Simpler: return clazz.getSimpleName();
@Nathan: yes, if the implementation will always look like that.
correct. My suggestion works only if the intention of the getStaticName() method is to return the simple (or binary/canonical) name of the class.
@joachimSauer could you please explain better "...the type T is erased at runtime".
0

If it is OK for you to pass an object instance rather than Class in your static accessor, then, there is a simple and elegant solution:

public class Test {

    static class Base {
        public static String getStaticName() { return "Base"; }
        public String myOverridable() { return Base.getStaticName(); };
    }

    static class Child extends Base {
        public static String getStaticName() { return "Child"; }
        @Override
        public String myOverridable() { return Child.getStaticName(); };
    }

    static class StaticAccessor {
        public static <T extends Base>String getName(T instance) {
            return instance.myOverridable();
    }

}


    public static void main(String[] args) {

        Base b = new Base();
        Child c = new Child();

        System.out.println(StaticAccessor.getName(b));
        System.out.println(StaticAccessor.getName(c));

    }

}

The output is:

Base
Child

3 Comments

Yep this is just using polymorphism though to get the Name. The original example seemed to imply it should work without any Object instances and work just against the Class.

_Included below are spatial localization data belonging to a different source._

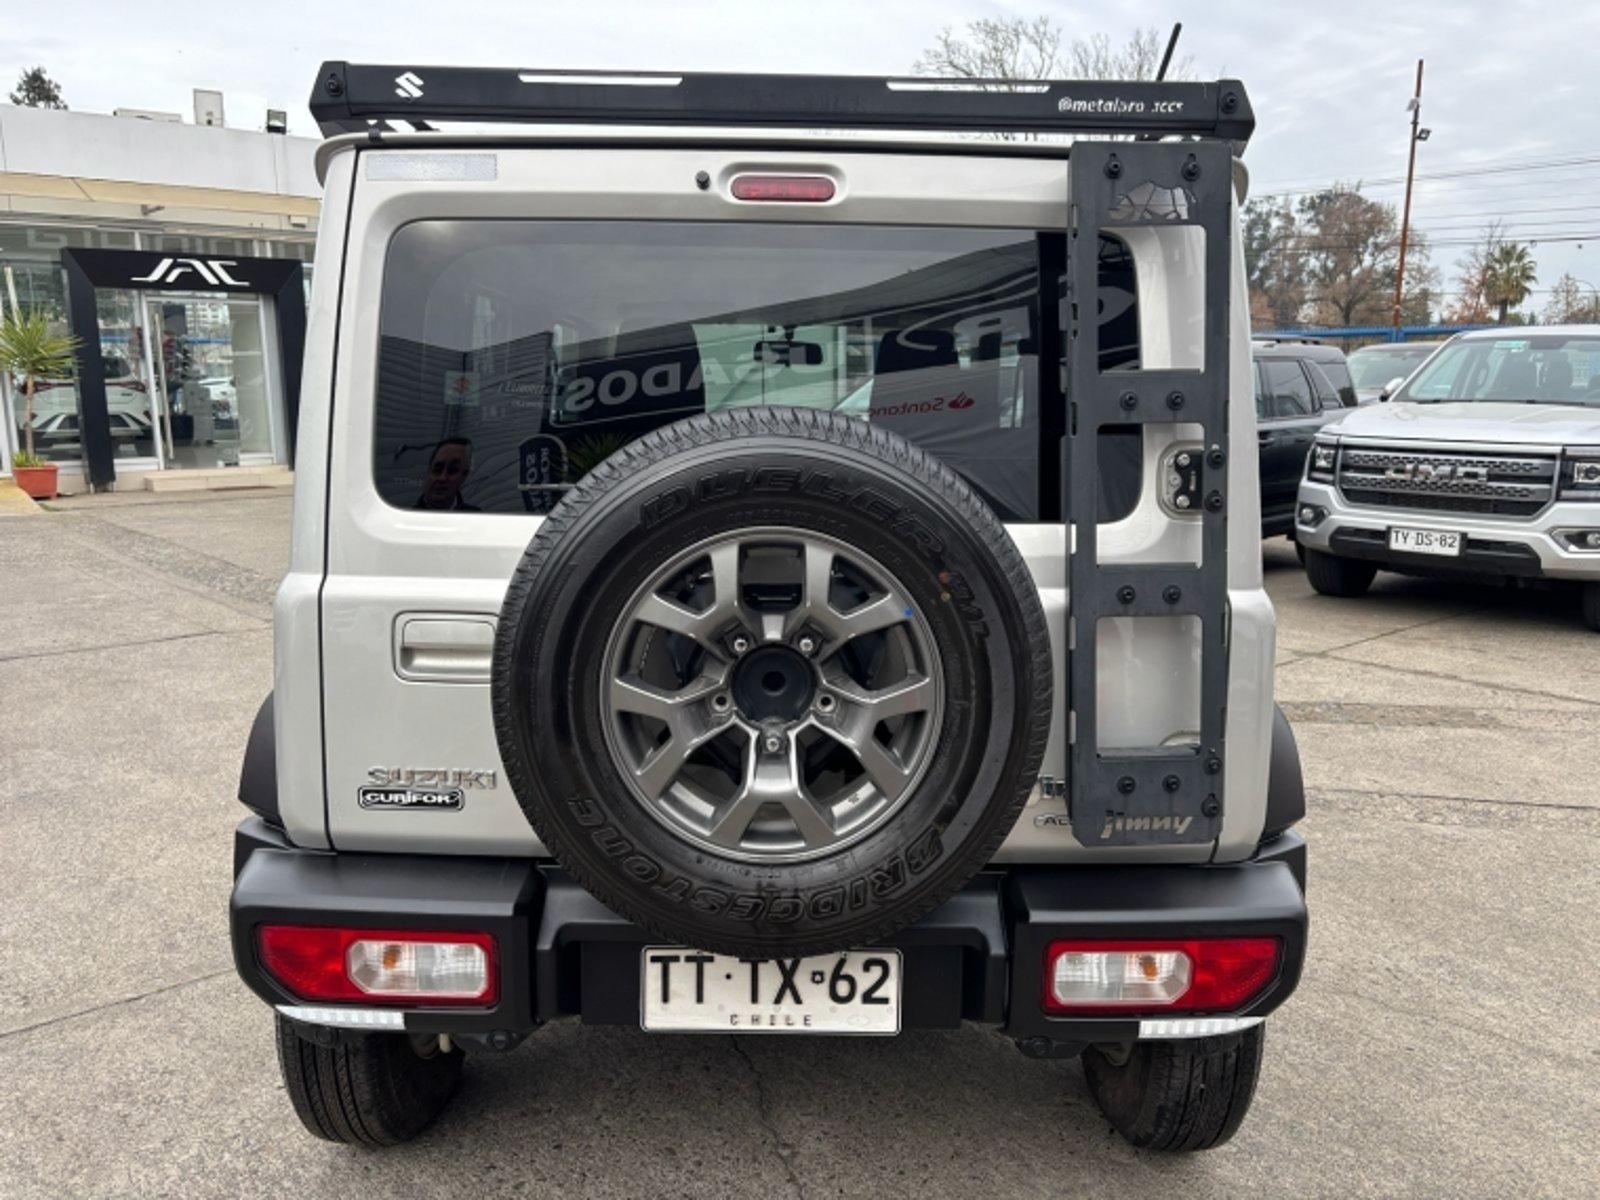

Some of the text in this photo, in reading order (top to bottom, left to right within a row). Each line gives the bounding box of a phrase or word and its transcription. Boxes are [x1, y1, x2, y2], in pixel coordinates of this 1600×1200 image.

[130, 257, 250, 286] JAC
[639, 465, 948, 556] DUELER
[367, 765, 498, 790] SUZUKI
[567, 796, 944, 924] BRIDGESTONE
[729, 1013, 812, 1027] CHILE

I guess in the example you could just call the getName method on the object instance itself.
@planetjones No, you cannot call getStaticName() on the instance itself, because it would only return 'Base' in both cases.
oh sorry I meant to say call the method against the Object i.e. myOverridable() could be called directly against b or c.
0

I don't believe you can do this without reflection.

It appears you should be doing is not using static methods. You are using inheritance but static methods do not follow inheritance rules.